Sarina Veit (links) und Thomas Günther-Pomorski beobachten einzelne Proteine unter dem Mikroskop. 

© Günther-Pomorski

Biochemie

Einzelne Lipidtransporter unter der Lupe

Eine neue Mikroskopie-Plattform macht verborgene Unterschiede zwischen einzelnen Proteinen sichtbar und eröffnet neue Einblicke in den Lipidtransport über Membranen.

Traditionelle Methoden erfassen in der Regel viele Proteine gleichzeitig. Die spezifischen Eigenschaften einzelner Proteinmoleküle blieben daher oft im Dunkeln. Ein Forschungsteam um Dr. Sarina Veit und Prof. Dr. Thomas Günther-Pomorski von der Ruhr-Universität Bochum hat gemeinsam mit Forschenden der Weill Cornell Medicine in New York und der Universität Toronto eine neue Mikroskopie-Plattform entwickelt, die diese Einschränkung überwindet. Die Methode ermöglicht die gleichzeitige Untersuchung von Hunderten winziger Membransphären mit einem Durchmesser von nur etwa 200 Nanometern. Jede dieser künstlichen Membransphären enthält nur ein einziges Lipidtransportprotein. Auf diese Weise werden Messungen auf Ebene einzelner Proteinmoleküle möglich. Zugleich ist die Plattform so flexibel, dass sie auch für die Untersuchung anderer Proteine eingesetzt werden kann. Die Forschenden berichten über ihre Ergebnisse in der Zeitschrift Nature Structural & Molecular Biology vom 15. Juni 2026.

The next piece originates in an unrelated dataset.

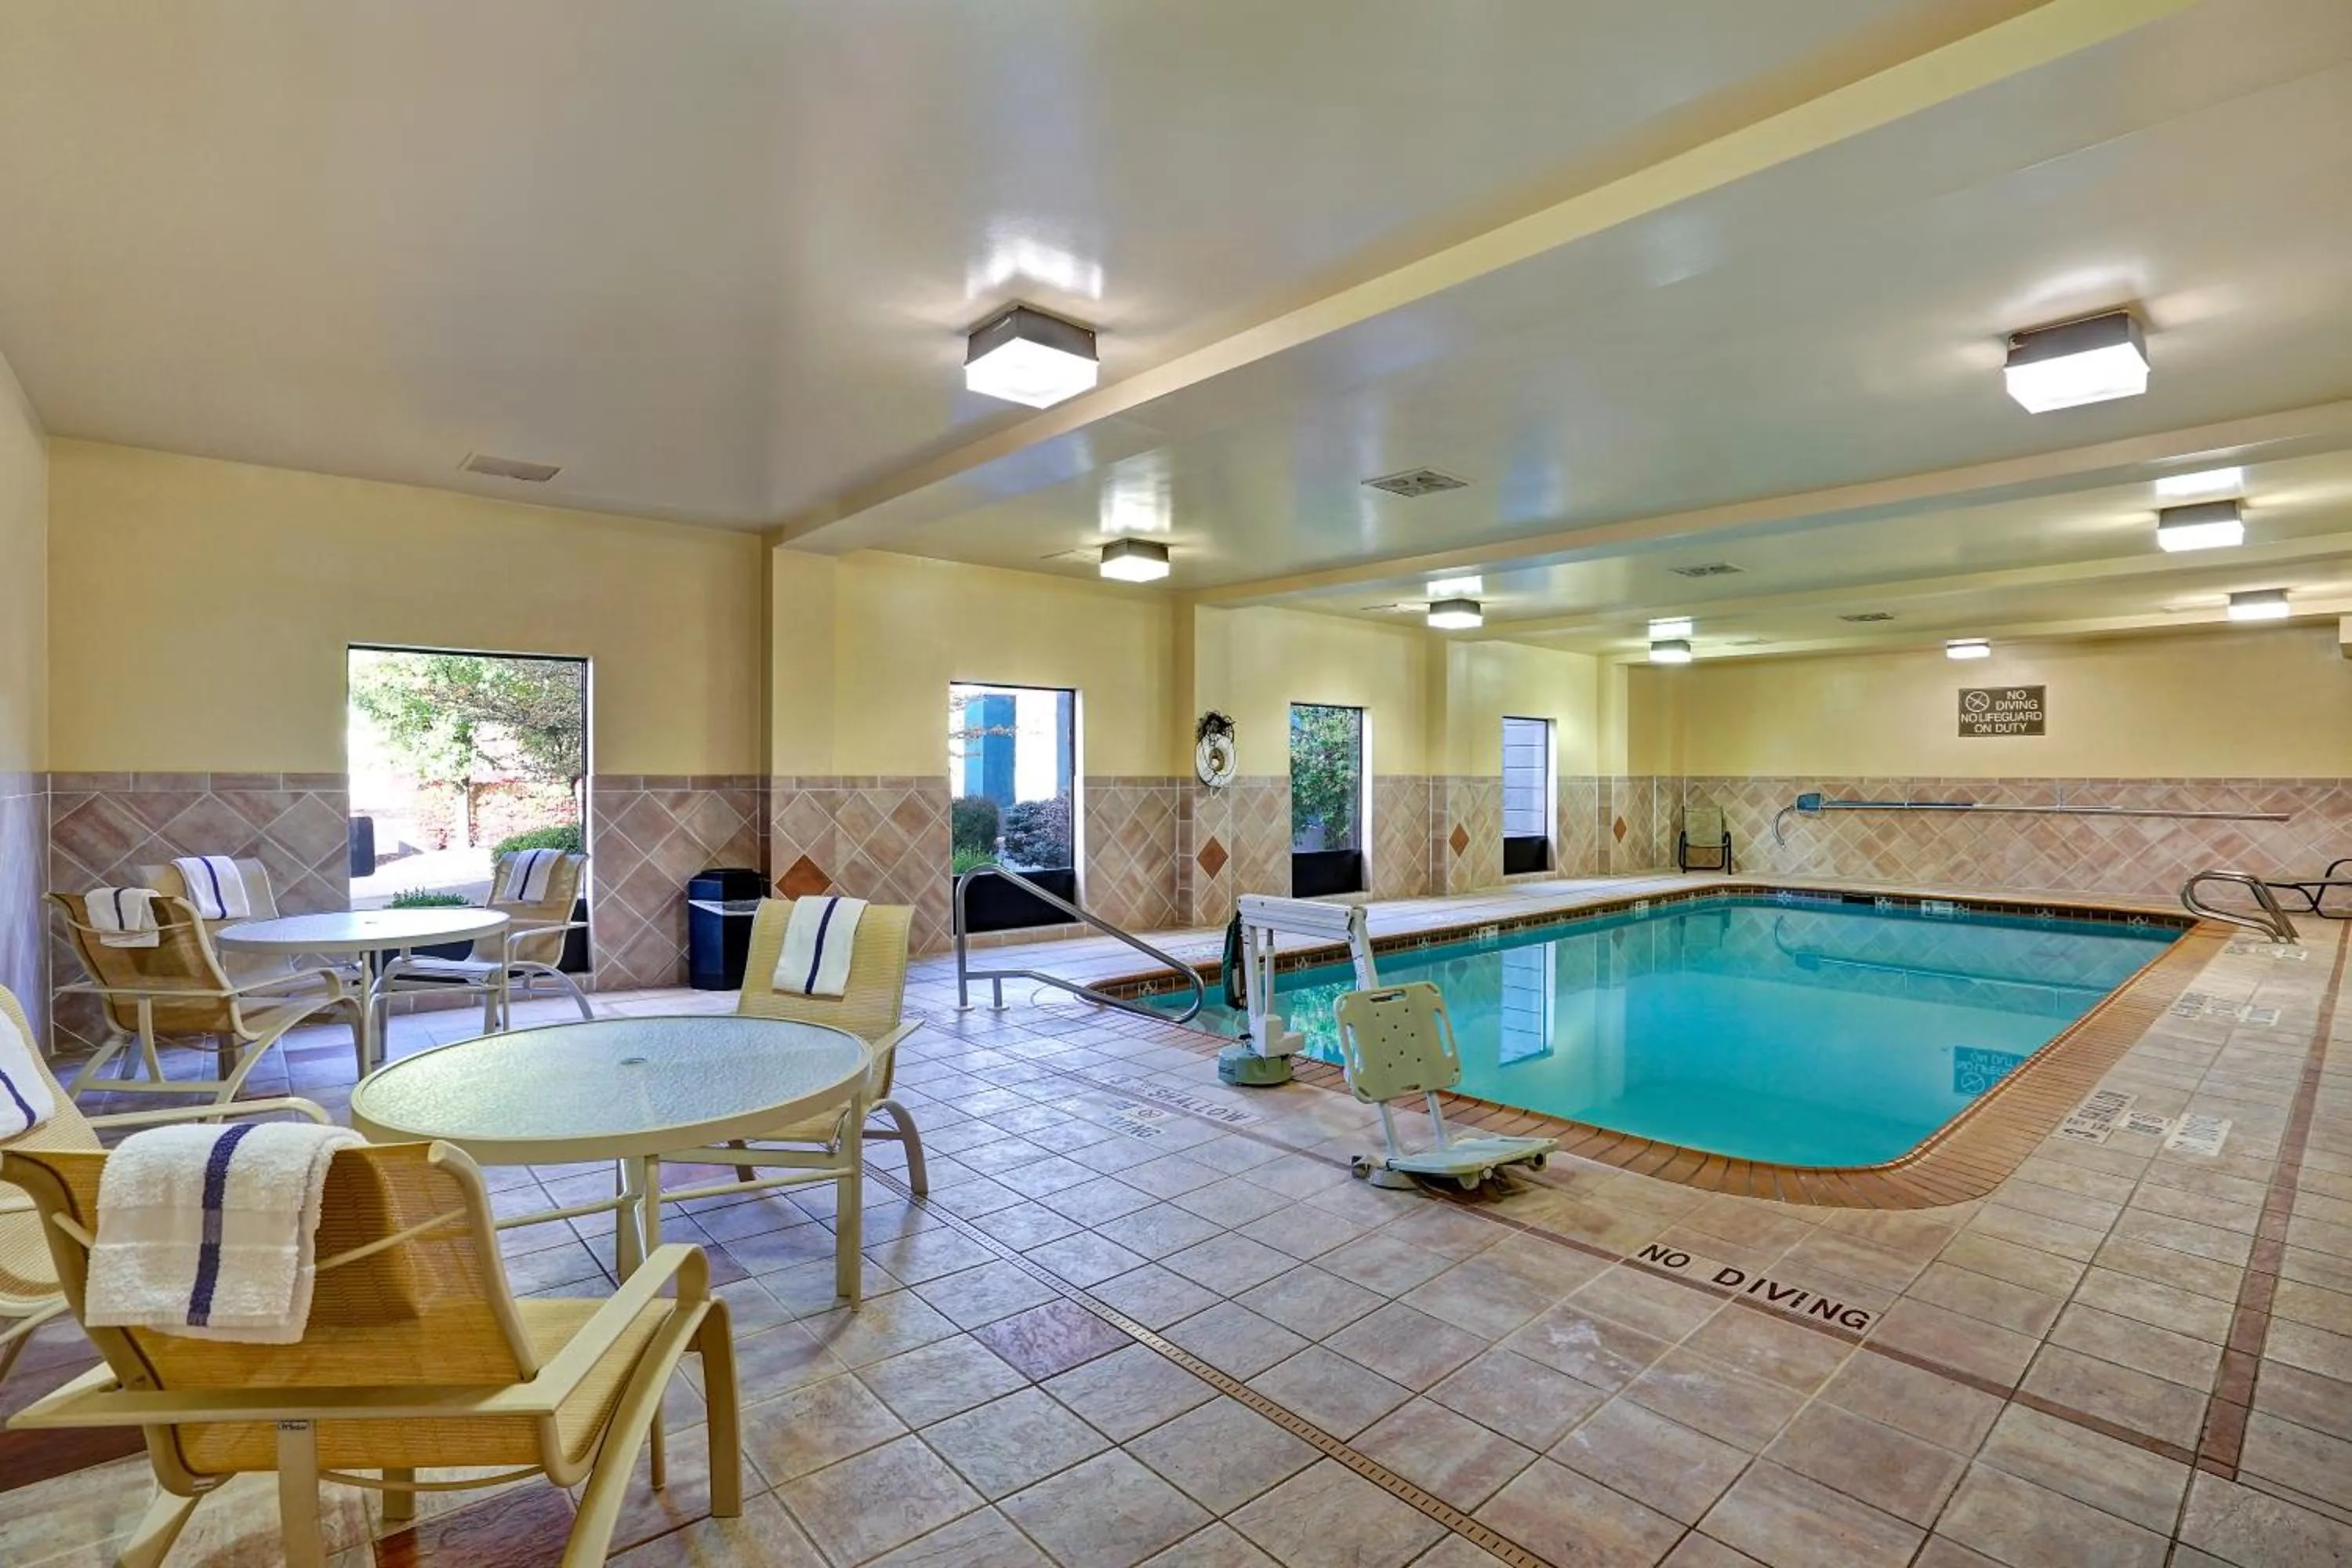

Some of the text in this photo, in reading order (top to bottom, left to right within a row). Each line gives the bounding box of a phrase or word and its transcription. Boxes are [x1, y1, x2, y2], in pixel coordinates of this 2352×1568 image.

Lipidtransport ist lebenswichtig

Jede Zelle unseres Körpers ist von einer Membran umgeben – einer dünnen, flexiblen Hülle, die größtenteils aus Lipiden besteht. Diese Lipide müssen zwischen den beiden Seiten einer Membran hin- und hertransportiert werden. Diese Aufgabe übernehmen spezialisierte Lipidtransportproteine. „Der Transport ist für viele lebenswichtige Funktionen unerlässlich, darunter der Aufbau und Erhalt von zellulären Membranen, die Versorgung der Mitochondrien mit Lipiden sowie die Signalübertragung beim programmierten Zelltod“, erklärt Sarina Veit. 

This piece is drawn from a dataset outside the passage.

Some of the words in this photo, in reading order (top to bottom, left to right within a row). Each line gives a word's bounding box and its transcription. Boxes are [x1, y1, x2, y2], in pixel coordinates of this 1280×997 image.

Bisher wurden Lipidtransporter vor allem mithilfe sogenannter Ensemble-Messungen untersucht, bei denen Millionen von Proteinen gleichzeitig analysiert werden. Solche Methoden liefern jedoch lediglich Durchschnittswerte und können Unterschiede zwischen einzelnen Proteinen nicht sichtbar machen. Individuelle Eigenschaften und Verhaltensweisen bleiben dadurch verborgen. Das internationale Forschungsteam konnte diese Einschränkung überwinden. Mit einer hochempfindlichen Bildgebungstechnik konnten die Forschenden in dem neuen Hochdurchsatzverfahren erstmals präzise messen, wie schnell ein einzelnes Protein die Lipide durch die Membran transportiert. 

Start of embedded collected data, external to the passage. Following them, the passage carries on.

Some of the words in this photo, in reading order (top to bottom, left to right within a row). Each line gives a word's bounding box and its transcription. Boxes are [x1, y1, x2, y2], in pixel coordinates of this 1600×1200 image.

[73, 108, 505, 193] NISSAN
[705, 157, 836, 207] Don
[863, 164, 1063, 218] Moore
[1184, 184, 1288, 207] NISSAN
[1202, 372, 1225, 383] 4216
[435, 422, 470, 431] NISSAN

Proteine verhalten sich nicht identisch

Angewendet wurde die neue Methode auf das Protein VDAC1. Dieses Protein spielt eine zentrale Rolle bei der Versorgung von Mitochondrien mit Lipiden und ist nur dann aktiv, wenn sich zwei Proteinmoleküle zu einem Dimer zusammenlagern. „Die Untersuchungen haben gezeigt, dass sich einzelne VDAC1-Proteine keineswegs identisch verhalten“, berichtet Thomas Günther-Pomorski. „Während einige Dimere Tausende von Lipiden pro Sekunde transportierten, arbeiteten andere deutlich langsamer oder waren sogar vollständig inaktiv.“ Diese bislang verborgene Variabilität blieb in früheren Ensemble-Experimenten unentdeckt, lässt sich nun aber durch Unterschiede in der Art und Weise erklären, wie sich VDAC1-Proteine zu Paaren zusammenlagern. Nur bestimmte räumliche Konfigurationen schaffen eine geeignete Oberfläche für einen effizienten Lipidtransport, was auch durch Computersimulationen bestätigt werden konnte.

Flexible Methode

Das Besondere an der neuen Plattform ist, dass sie nicht auf dieses eine Protein beschränkt, sondern flexibel einsetzbar ist. Damit lassen sich künftig zahlreiche Proteine untersuchen, die an unterschiedlichen biologischen Prozessen beteiligt sind. Darüber hinaus ermöglicht es die Methode, den Einfluss verschiedener Faktoren auf die Transportaktivität gezielt zu analysieren. Dazu zählen beispielsweise unterschiedliche Lipidzusammensetzungen der Membran oder Cofaktoren wie spezielle Ionen.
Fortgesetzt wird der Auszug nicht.